* Work instructions
Repeat every entry word for word, skipping the pictures.

Extracted entries Start Marker

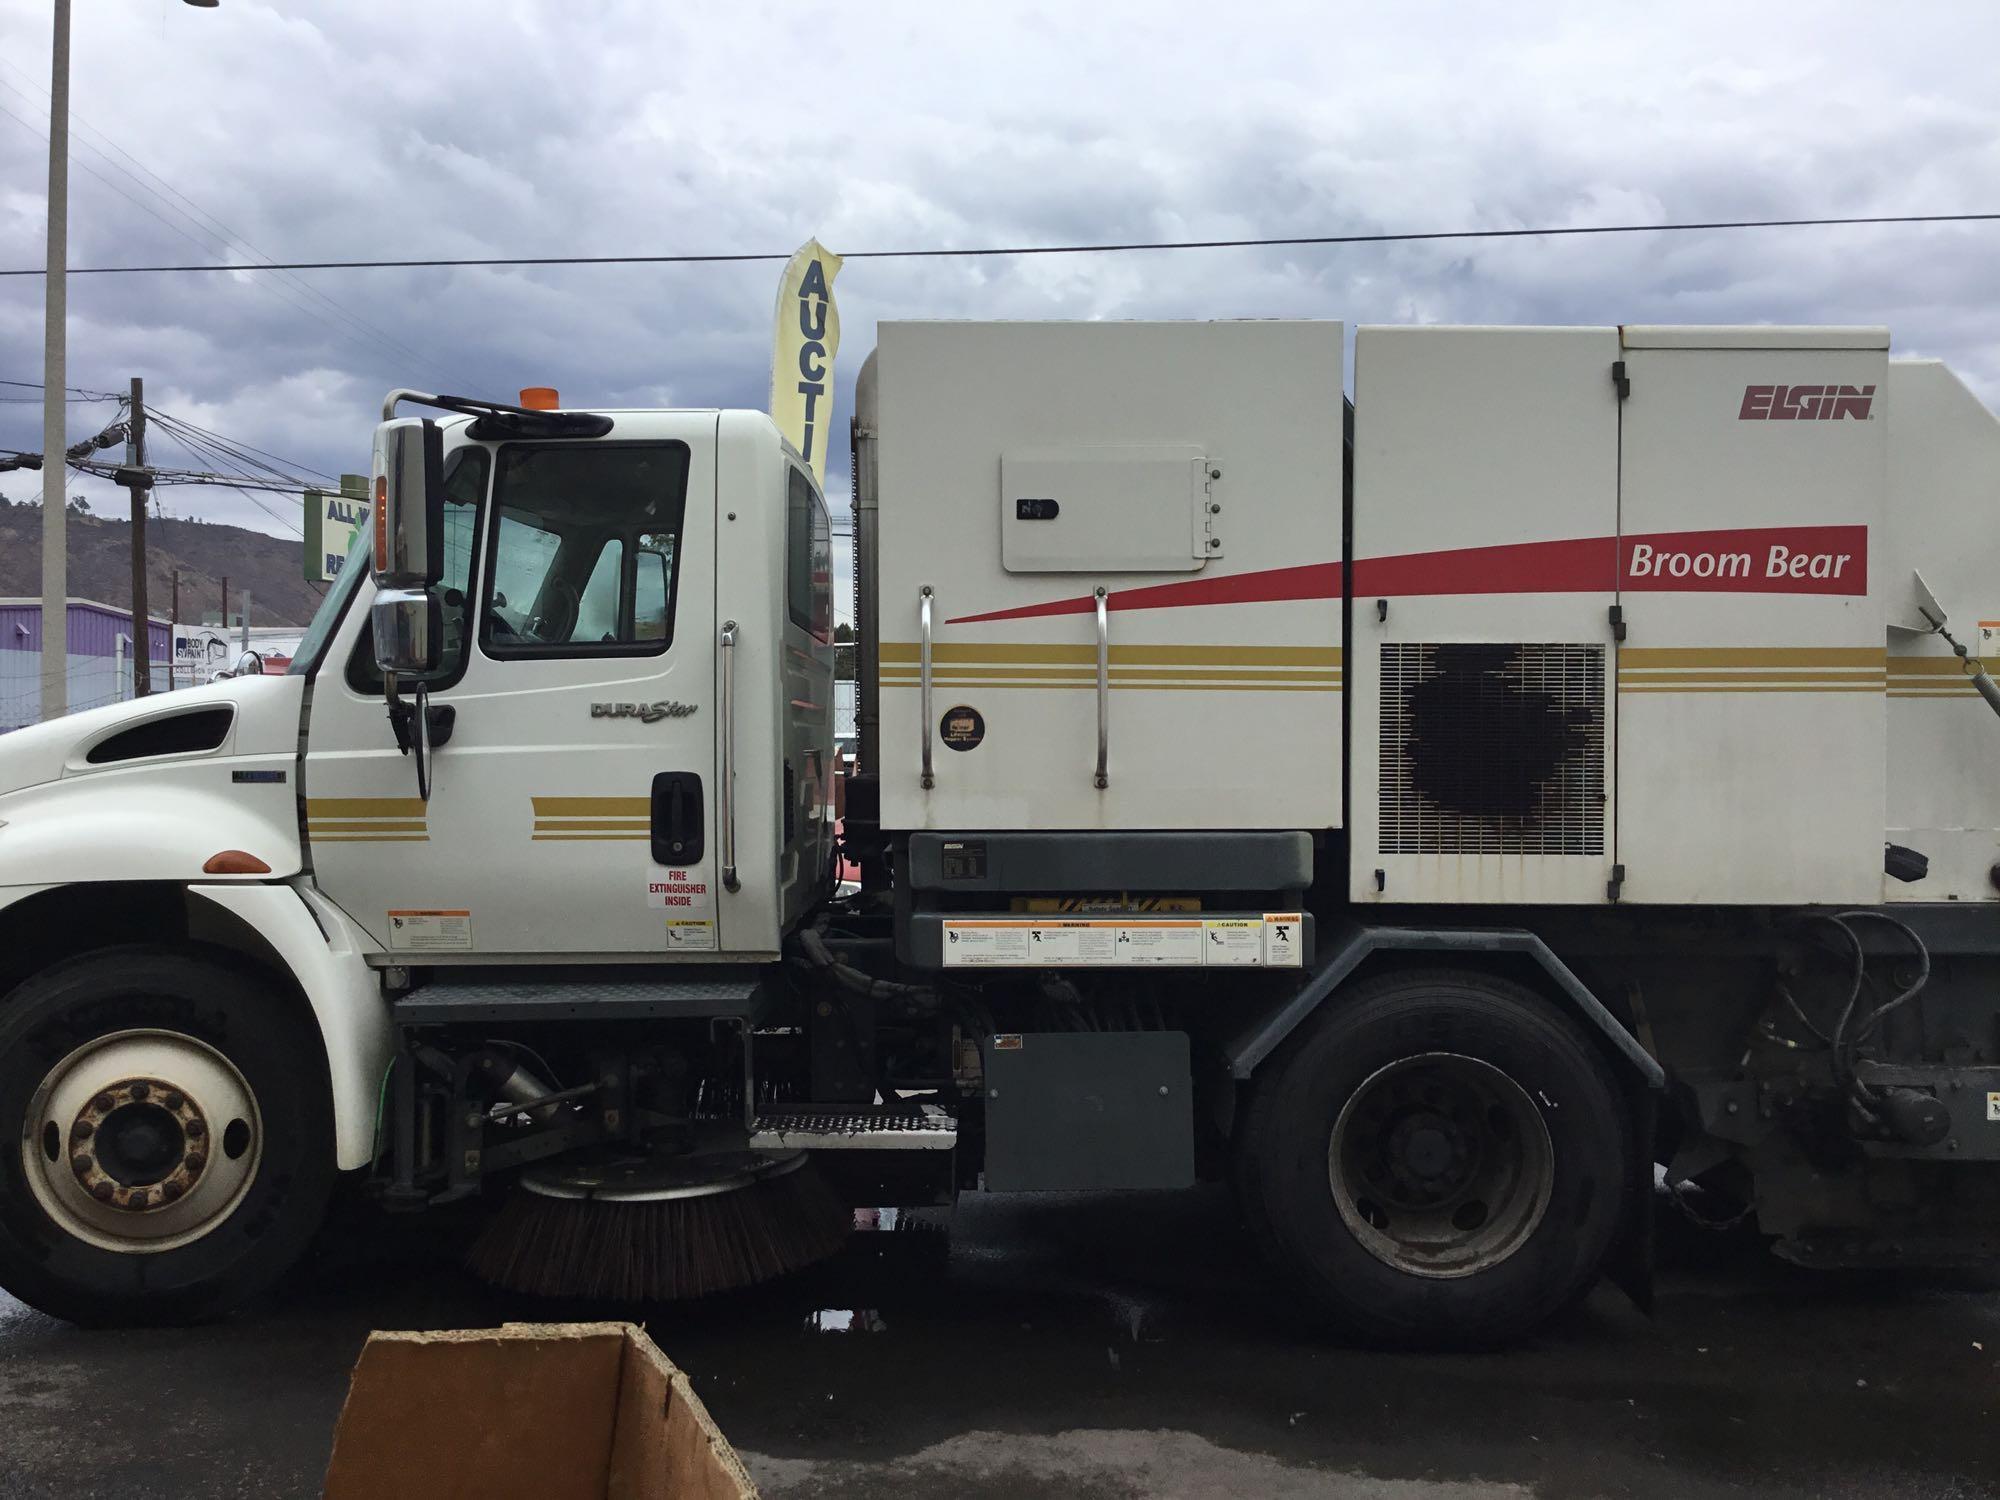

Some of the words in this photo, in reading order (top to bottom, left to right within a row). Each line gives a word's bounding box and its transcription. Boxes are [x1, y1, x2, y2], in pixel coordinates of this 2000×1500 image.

[798, 259, 829, 463] AUCTI
[1738, 385, 1876, 420] ELGIN
[327, 500, 356, 525] ALL
[1629, 544, 1751, 577] Broom
[1765, 545, 1851, 578] Bear
[187, 649, 205, 659] PAINT
[669, 870, 687, 881] FIRE
[649, 883, 706, 894] EXTINGUISHER
[665, 896, 692, 906] INSIDE
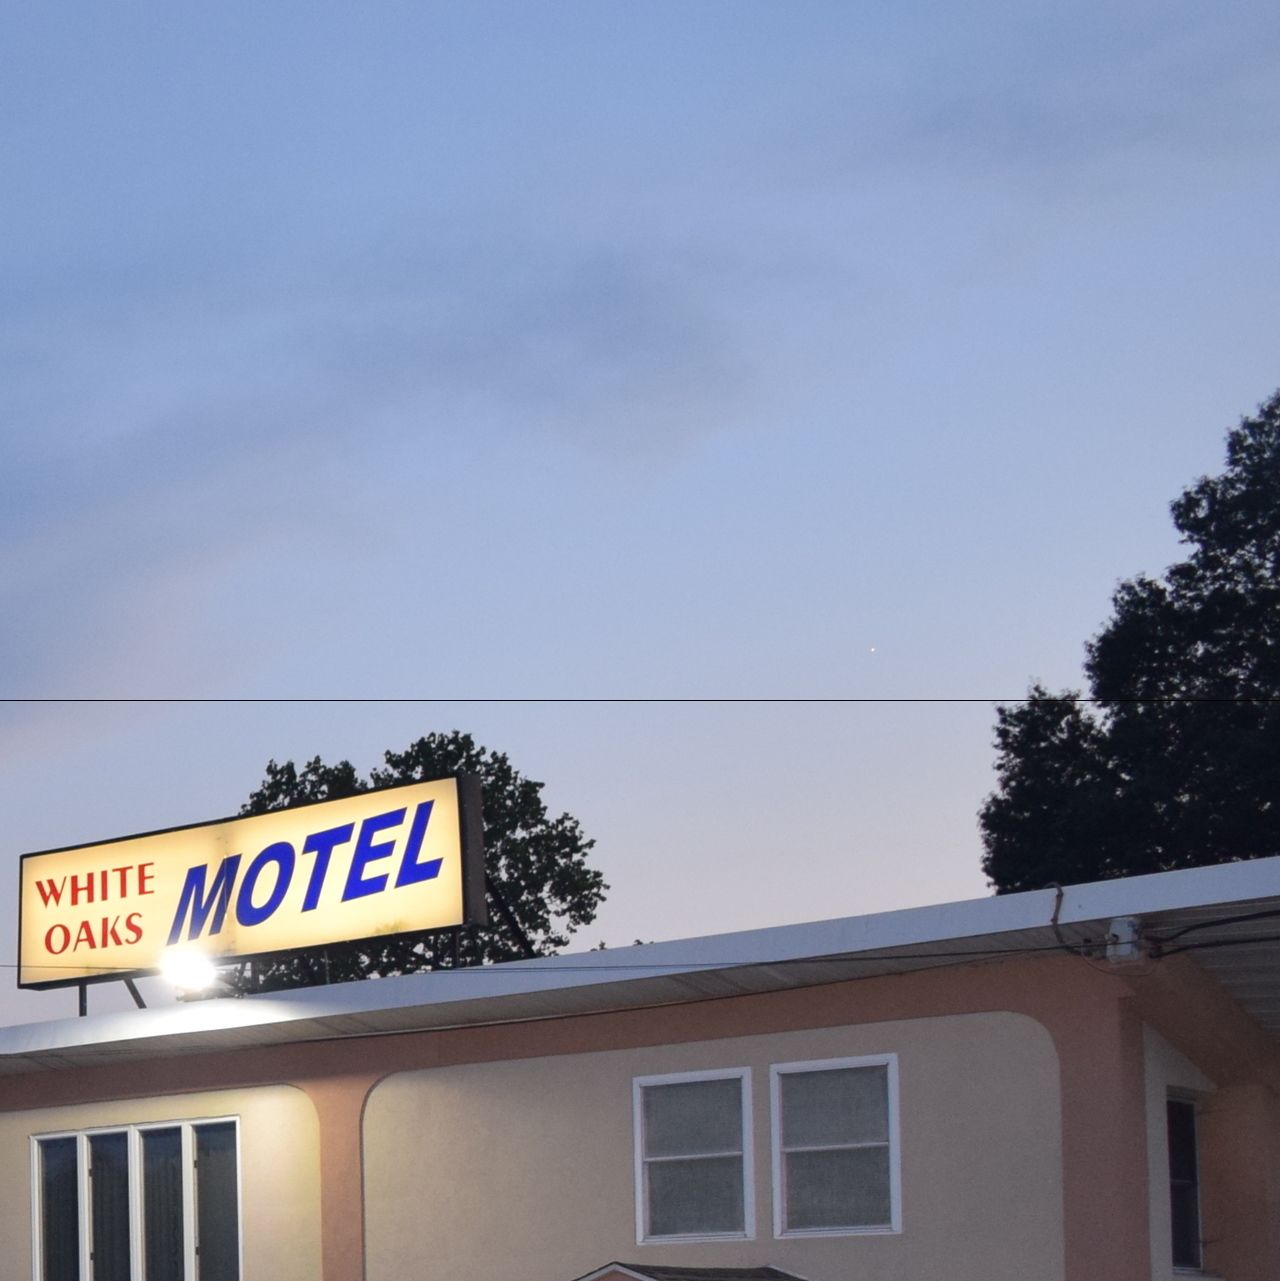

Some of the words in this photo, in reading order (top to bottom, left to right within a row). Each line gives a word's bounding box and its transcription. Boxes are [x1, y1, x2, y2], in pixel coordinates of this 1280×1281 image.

[35, 862, 155, 909] WHITE
[166, 799, 444, 946] MOTEL
[44, 912, 144, 956] OAKS

Extracted entries End Marker

* Result of the task
Some of the words in this photo, in reading order (top to bottom, left to right within a row). Each line gives a word's bounding box and its transcription. Boxes are [x1, y1, x2, y2], in pixel coordinates of this 2000×1500 image.

[798, 259, 829, 463] AUCTI
[1738, 385, 1876, 420] ELGIN
[327, 500, 356, 525] ALL
[1629, 544, 1751, 577] Broom
[1765, 545, 1851, 578] Bear
[187, 649, 205, 659] PAINT
[669, 870, 687, 881] FIRE
[649, 883, 706, 894] EXTINGUISHER
[665, 896, 692, 906] INSIDE

Some of the words in this photo, in reading order (top to bottom, left to right within a row). Each line gives a word's bounding box and its transcription. Boxes are [x1, y1, x2, y2], in pixel coordinates of this 1280×1281 image.

[35, 862, 155, 909] WHITE
[166, 799, 444, 946] MOTEL
[44, 912, 144, 956] OAKS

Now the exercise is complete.